2022 Data Management Fellowship Program
May 11, 2022
We have awarded 15 fellowships for our ecological data management training program for this summer. The Fellows will receive training in ecological data management and gain hands-on experience through participation in data preparation and publishing with scientists and information managers from specific host research projects. See below for a list of host projects and mentors.
EDIutils has moved to rOpenSci
April 23, 2022
We are happy to announce the EDIutils R package (an API Client for the Environmental Data Initiative Repository) has been accepted by rOpenSci. As a result, the project GitHub has moved and installation has changed to remotes::install_github("ropensci/EDIutils"). We will be submitting to CRAN in the coming weeks. Stay tuned!
Data Repositories Enriching the Global Research Infrastructure
April 20, 2022
Domain repositories have long provided a suite of services to the communities built around them including metadata management and data discovery tools, data access and preservation, and identification of resources created by and of interest to the community. As a result, domain repositories are central to important and thriving research communities. Recently a global research infrastructure for identifying and tracking many kinds of research objects has emerged. This includes Crossref, originally for journal articles and books, DataCite, originally for datasets but expanding to other research objects, as well as ORCID for identification of people and ROR for organizations. Crossref and DataCite initially focused on the creation of research object identifiers (DOIs). As researchers start to use these identifiers, it is clear that the connections enabled by these identifiers add considerable value. In order to enable these connections the growing, global research infrastructure needs content beyond minimal identification and citation metadata. Domain repositories are uniquely situated, with the deep knowledge of their communities, to extend their services by providing connections and content to deliver additional metadata to enrich the global research infrastructure. This talk by Ted Habermann, of Metadata Game Changers, shares several recent examples that demonstrate the power of enriching the global research infrastructure.
March 10, 2022
Research sites (e.g., LTER sites) and teams of researchers who are using ezEML to capture metadata may find that certain content is used repeatedly across a number of documents. Examples of such repeated content can include Creators, Contacts, Keywords, Intellectual Rights, Geographic Coverage, Project, etc. Users can avoid the tedious task of re-entering this information for each new dataset by creating and publishing one or more “templates” that are prepopulated with this standard content. Since templates exist outside of any individual user’s ezEML account, they are accessible to everyone. Everyone who uses a template will get the current version, which helps alleviate problems arising from different versions residing in different users’ accounts.
A Quick Overview of EDI’s Data Explorer (DeX)
January 28, 2022
The EDI software team is excited to announce DeX, a tool for exploring and subsetting tabular data, which is now in beta testing on the EDI staging Data Portal (https://portal-s.edirepository.org/nis).
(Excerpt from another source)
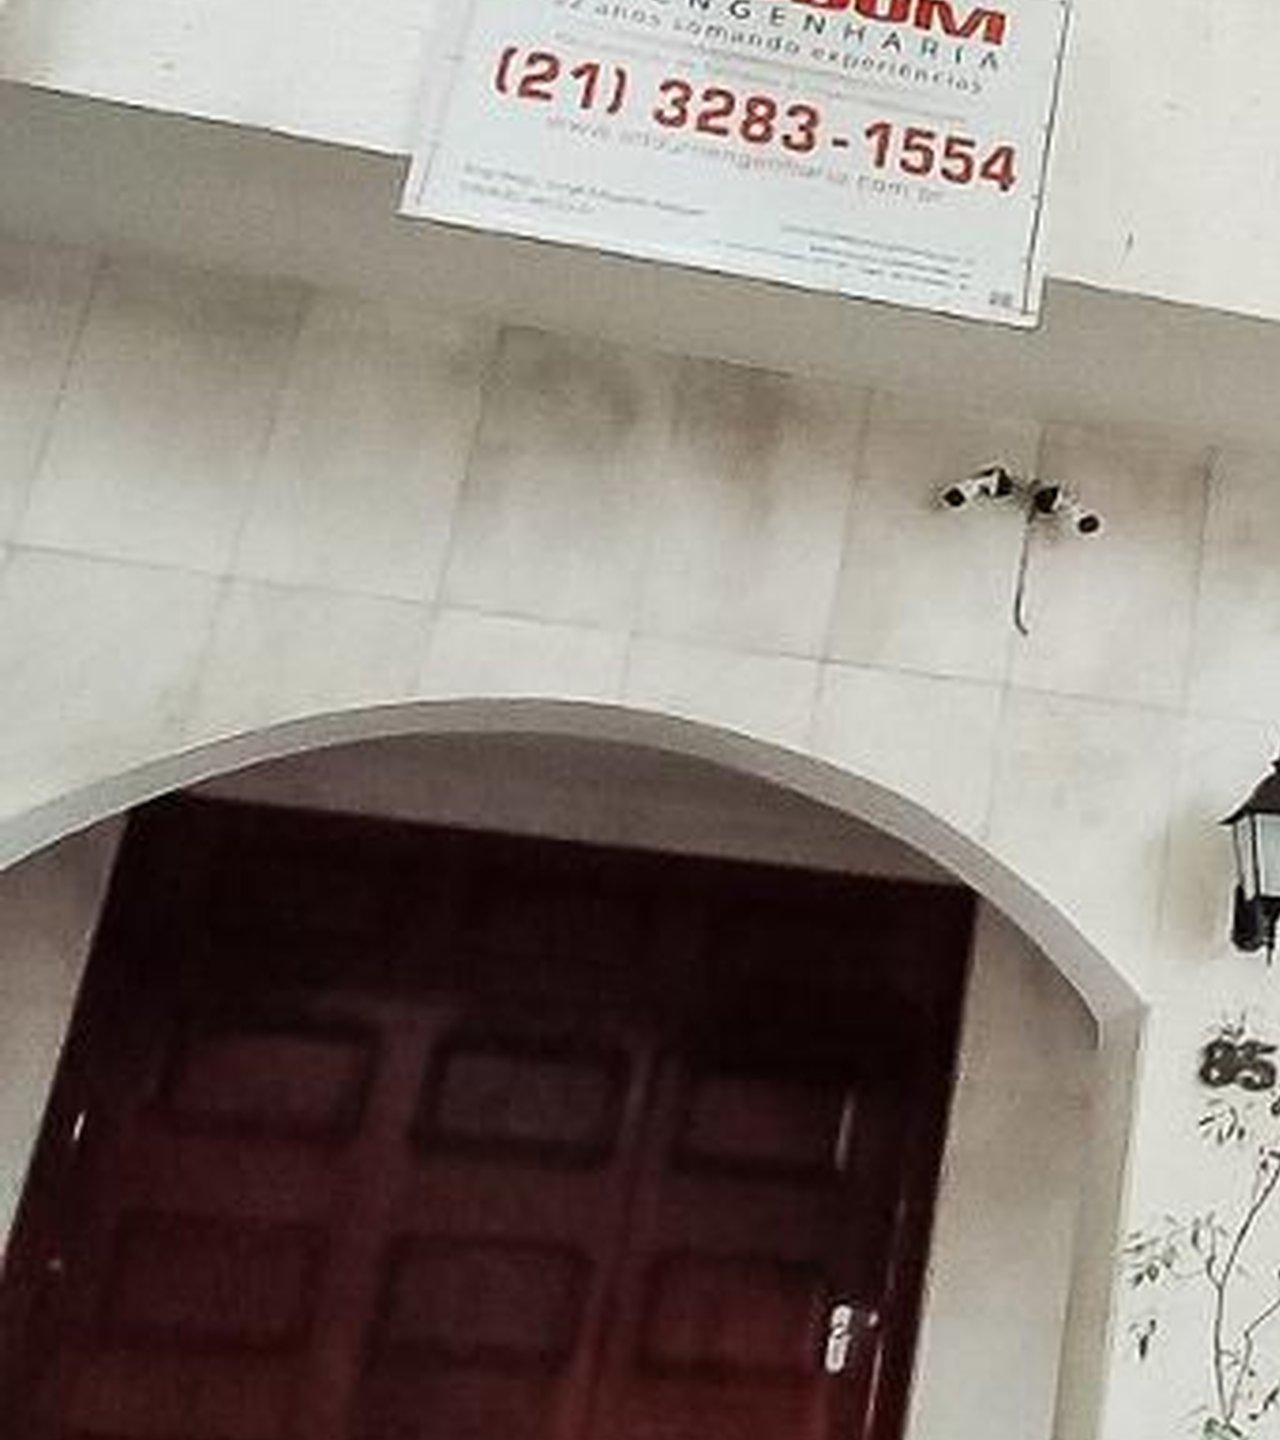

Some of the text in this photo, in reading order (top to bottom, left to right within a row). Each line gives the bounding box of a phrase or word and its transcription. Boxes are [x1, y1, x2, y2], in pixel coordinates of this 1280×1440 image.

DeX provides three views into tabular data found in the EDI Data Repository: 1) a statistical profiler that analyzes the data table and displays detailed information about each attribute; 2) a filter and subsetting application that allows you to download the subsetted data, along with a new EML metadata document describing the subset; and 3) a simple-to-use scatter and line plotting application that gives you a visual glimpse into data trends. DeX is currently available on either of our development or staging Data Portals and works with CSV-based data tables (soon to work with a wider set of tabular formats). To see DeX in action, look for a data package in the staging Data Portal containing a CSV data file and click on the “Data Explorer – experimental” link at the end of the data entity record information (see below):
Normalization of Creator Names in EDI’s Data Portal
November 2, 2021
The Advanced Search feature of EDI’s Data Portal lets you select a dataset Creator name from a drop-down list of all dataset creators in our repository. The search then displays all the datasets that have that name as one of its creators.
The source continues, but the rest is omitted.